Post by: Alison Baxter, Excelsior Service Fellow
Civilian Conservation Corps in the Finger Lakes, Part 1. Walk in the Park, April 17, 2014. (Includes a video with a presentation by State Parks environmental educator Josh Teeter)
Civilian Conservation Corps Legacy
Kahramanidis, Jane. “The She-She-She Camps of the Great Depression.” History Magazine. February/March 2008.
“Prejudice & Pride: Civil Rights and the CCC: Company 1251-c at Newtown”. The Preservationist. Office of Parks, Recreation, and Historic Preservation, 2007.
Thompson, Craig. “Force for Nature: Civilian Conservation Corps”. New York State Conservationist. Department of Environmental Conservation, February 2008.
10 thoughts on “Civilian Conservation Corps in New York State Parks”
Great article. The CCC is truly one of the best outcomes of the Great Depression. Would be nice to follow-up on this with an overview of the NYS Excelsior Conservation Corp!!
Thank you, the work that the CCC did in State Parks was amazing!
My father helped with doing restoration at Fort Niagara when he was in the CCC and at Tupper Lake, NY. Some time in the 1930’s.
That is really interesting. What projects did he work on?
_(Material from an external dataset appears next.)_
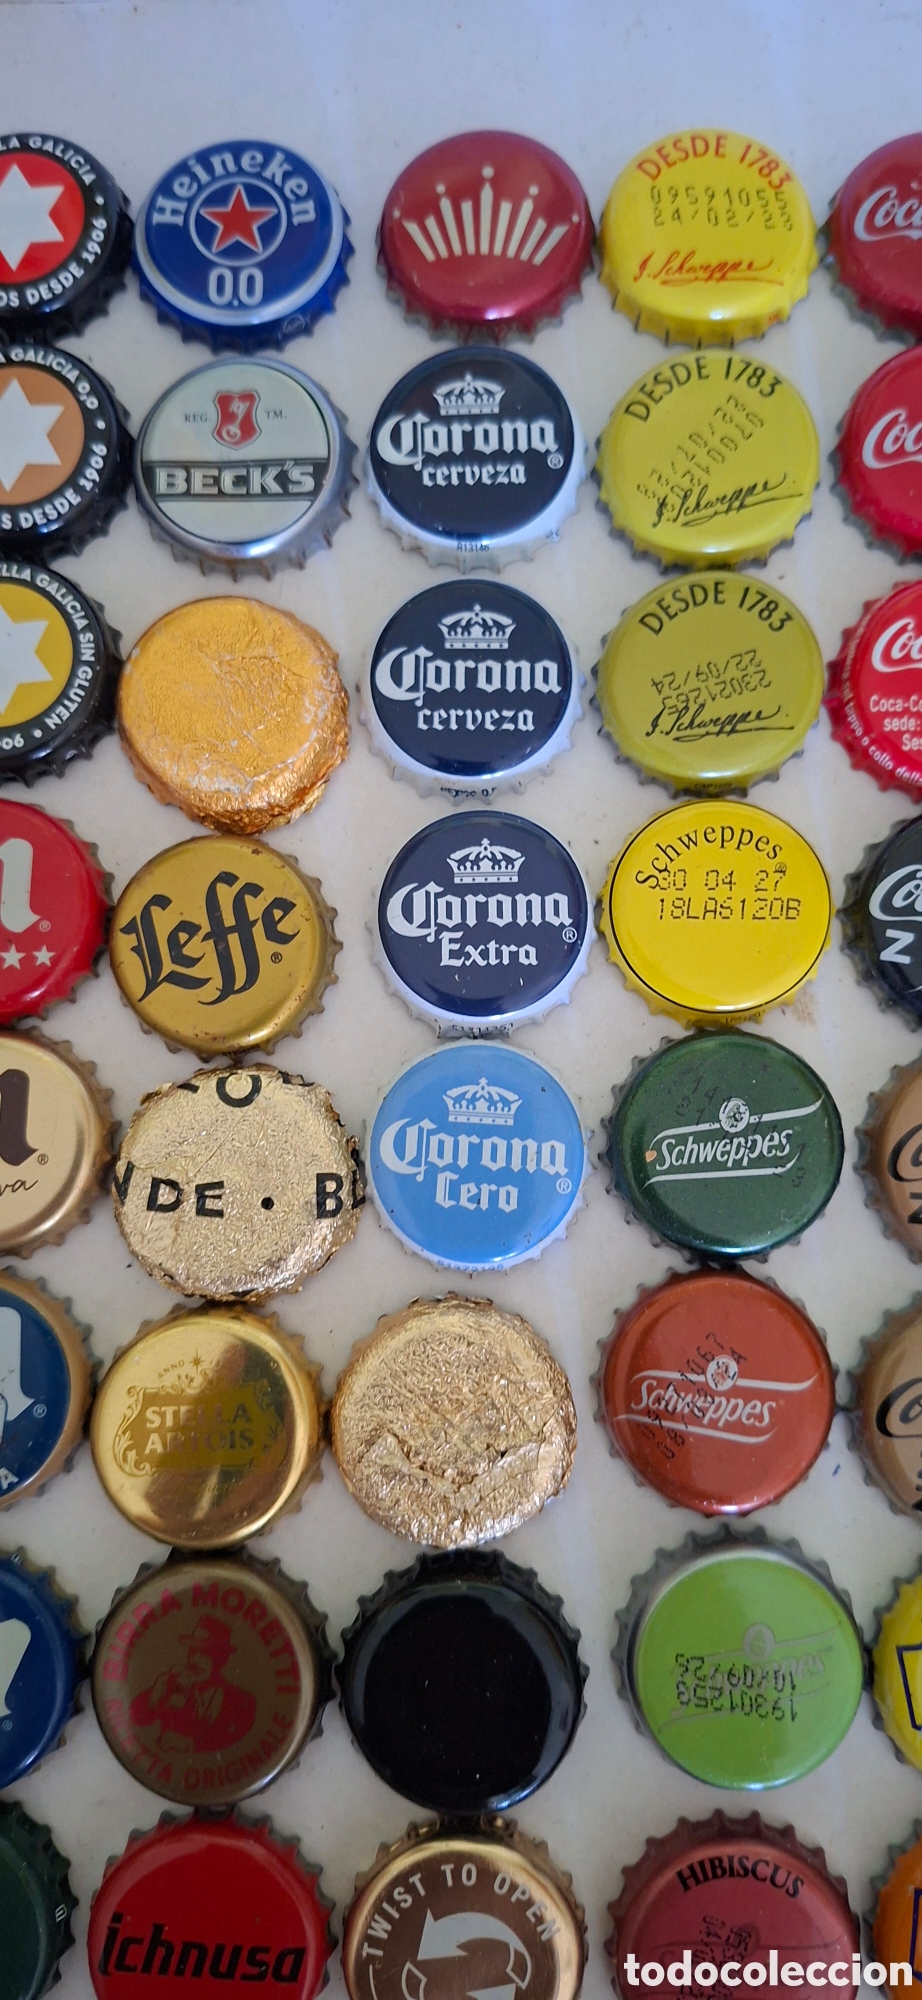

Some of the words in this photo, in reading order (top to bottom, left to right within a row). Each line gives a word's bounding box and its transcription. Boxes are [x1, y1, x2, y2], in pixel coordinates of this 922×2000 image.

Are there any additional photographs of company 1251 or 1251-c? My late grandfather worked with this group on road construction at Palisades Interstate Park and later at Newton Battlefield State Park.
Yes, we have additional images. Please send an email request to firstname.lastname@example.org and we will send the images to you.
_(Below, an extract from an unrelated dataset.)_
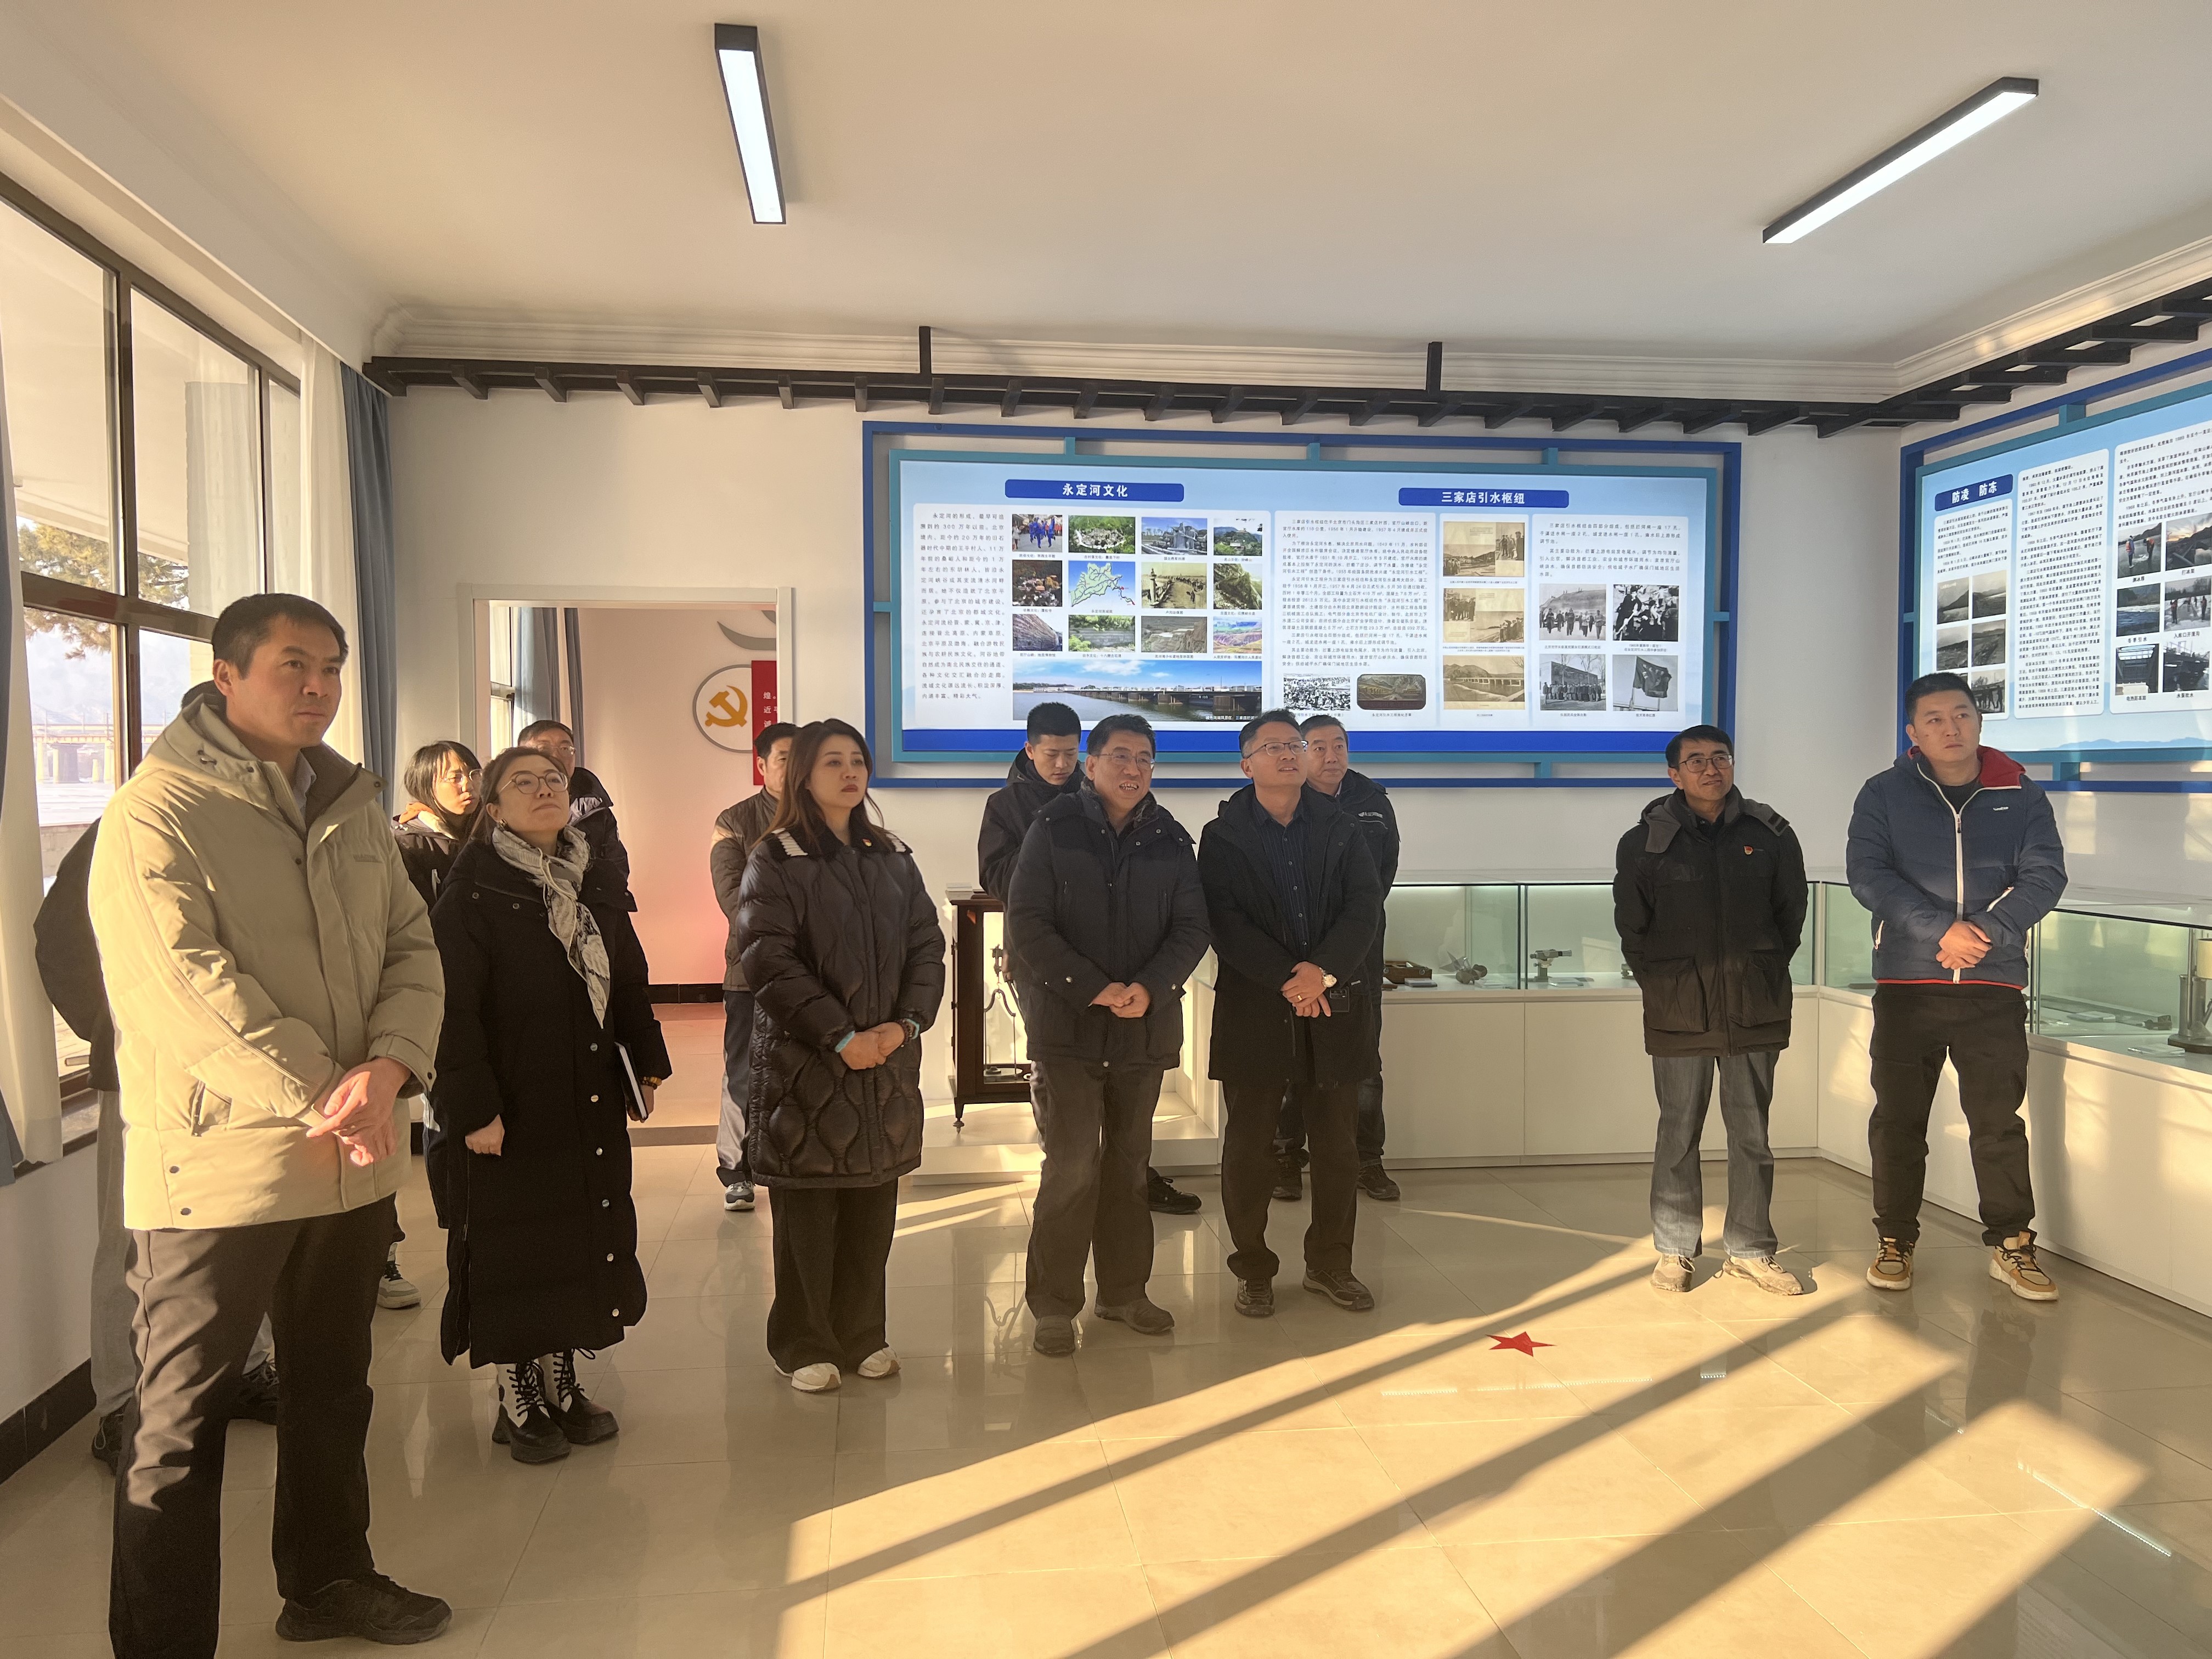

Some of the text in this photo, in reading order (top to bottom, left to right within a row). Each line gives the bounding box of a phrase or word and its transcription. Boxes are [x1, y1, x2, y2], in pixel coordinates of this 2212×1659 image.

[1062, 483, 1128, 498] 永定河文化
[1441, 491, 1525, 504] 三家店引水枢纽
[1951, 481, 1997, 504] 防凌 防冻
Another image from Newtown Battlefield is found here: https://tinyurl.com/y53llqdg
I wonder if there is a list of people who participated in the CCC. My dad who has just passed away at the age of 95 August 5,2019 stated that there was no welfare back in the Depression and people could work to help with their hardships. My dad was born 1924 in his family home in Cropseyville NY. I wonder if there is a list from back then. They had chickens, pigs and a cow on my dads farm. As an adult my dad really didn’t like chicken because he said he’s had enough chicken through his childhood to last him a lifetime..lol!! He sold vegetables that they grew selling door to door for about 25 cents a day for a 12 hour day. And then mowed lawns with a push mower 50 cents for a two hour job and 75 cents for a 3 hour job. And to imagine how hard people think they have it today! His family home didn’t even get electricity until he was 8 in 1932!! I’d love to learn more about this. Personally, I think we need to bring it back!
Such records reside in the state archives … http://iarchives.nysed.gov/xtf/view?docId=ead/findingaids/A3268.xml … let us know if you can find your Dad’s records in here.
FYI…Fort Ontario was a main point of operations for the CCC. We are doing research on it now, 2020. We had two generals here, Perry L Miles & Richard L Bohannon.